Peu importe l’identité ou le sexe de l’auteur, l’important reste l’authenticité du contenu. Une femme peut très bien écrire de magnifiques rôles masculins, comme l’inverse. Et c’est tant mieux : ça veut dire que l’on se comprend !
Vous voir aujourd’hui aux côtés de la metteuse en scène Marion Poppenborg renforce-t-il cette idée d’ »évolution nécessaire » ?
C’est surtout la metteuse en scène idéale pour ce texte ! C’est une figure très affirmée, qui ne verse jamais dans le sentimentalisme (elle rigole). Et puis, la retrouver aujourd’hui, c’est comme une boucle qui se referme pour moi. Il y a neuf ans, en effet, j’ai travaillé avec elle pour une de mes premières pièces au Luxembourg. J’en garde de bons souvenirs. On a toutes deux un langage commun. On se comprend très vite, ce qui est un fondement essentiel dans la pratique théâtrale.
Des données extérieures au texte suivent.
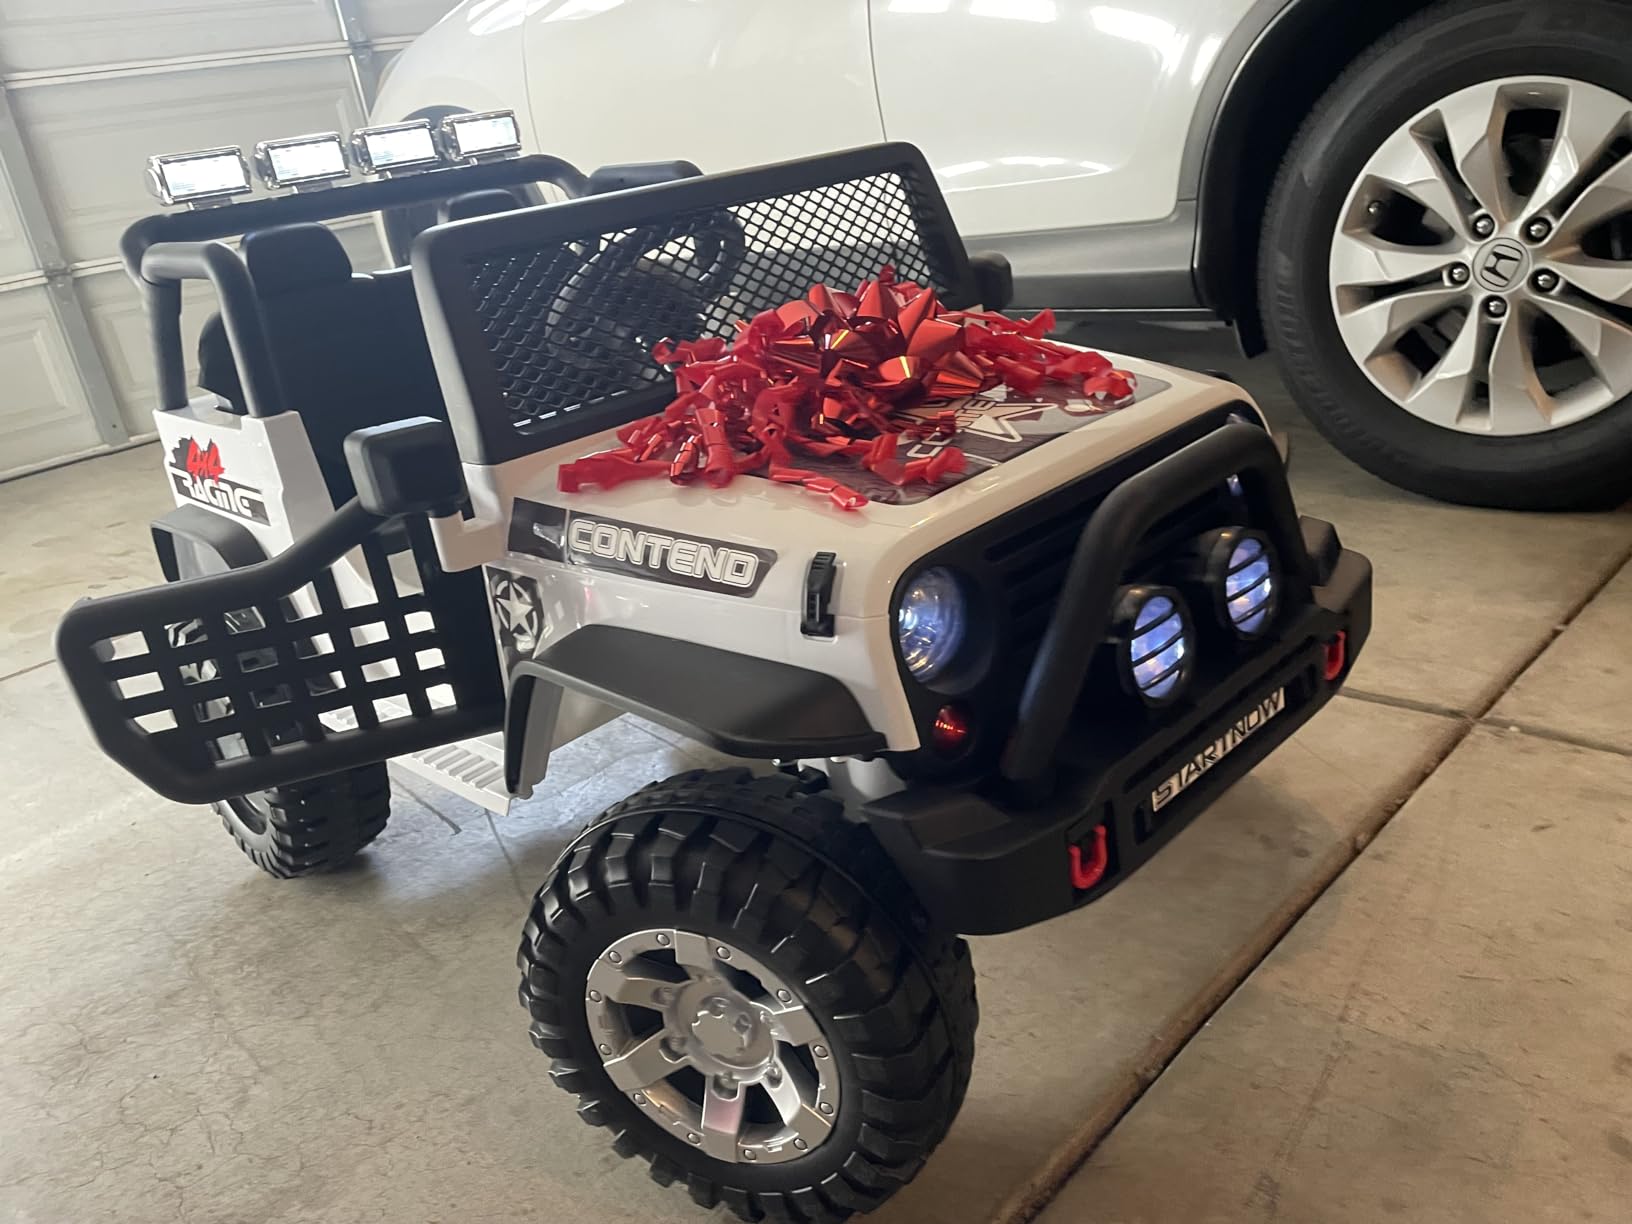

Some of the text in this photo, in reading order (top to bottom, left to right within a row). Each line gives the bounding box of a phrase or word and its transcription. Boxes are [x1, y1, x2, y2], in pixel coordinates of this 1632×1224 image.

[169, 466, 263, 518] RACING
[568, 518, 759, 588] CONTEND
[1151, 686, 1287, 812] STARTNOW
C’est presque un miracle d’avoir été autant sur scène durant cette période aussi insensée que l’on traverse
Vous avez déjà joué à trois reprises cette année : Hedda Gabler au Luxembourg, ainsi que Die Totenwacht et Das große Heft en Autriche. En pleine épidémie mondiale de Covid-19, c’est une belle performance, non ?
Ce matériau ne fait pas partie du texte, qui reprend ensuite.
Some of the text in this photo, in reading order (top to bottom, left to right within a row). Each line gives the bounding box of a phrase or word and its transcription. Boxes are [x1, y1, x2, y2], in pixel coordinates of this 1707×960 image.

J’ai eu de la chance, oui ! Bien sûr, à Linz, avec le premier confinement, on a pu juste jouer quatre fois, mais c’est vrai, c’est presque un miracle d’avoir autant été sur scène durant cette période aussi insensée que l’on traverse.
Justement, en tant que comédienne, comment vivez-vous cette pandémie ?
Ce virus, à mes yeux, a montré, ou plutôt confirmé, toute la précarité de notre métier. Avec cruauté, il a rappelé que la culture est un monde fragile, sans sécurité et souvent peu considéré. Mais c’est aussi pour ces raisons qu’il faut tout donner pour le protéger, tout faire pour être le soir devant des gens qui, eux, sont demandeurs. Les voir réanimer le Grand Théâtre, comme pour Hedda Gabler, ça m’a remplie de joie et de fierté. Et m’a donné du courage pour la suite. Il faut continuer à jouer, coûte que coûte.
Un nouveau confinement au Luxembourg serait-il une « tragédie » ?
Ce serait bien sûr terrible, même si la santé des gens est, évidemment, plus importante qu’une soirée au théâtre. Mais, parallèlement, il faut aussi rappeler qu’une pièce, un film, un livre, une exposition… donnent du bonheur durant les moments difficiles. C’est en ce sens que la culture est essentielle, surtout en temps de crise.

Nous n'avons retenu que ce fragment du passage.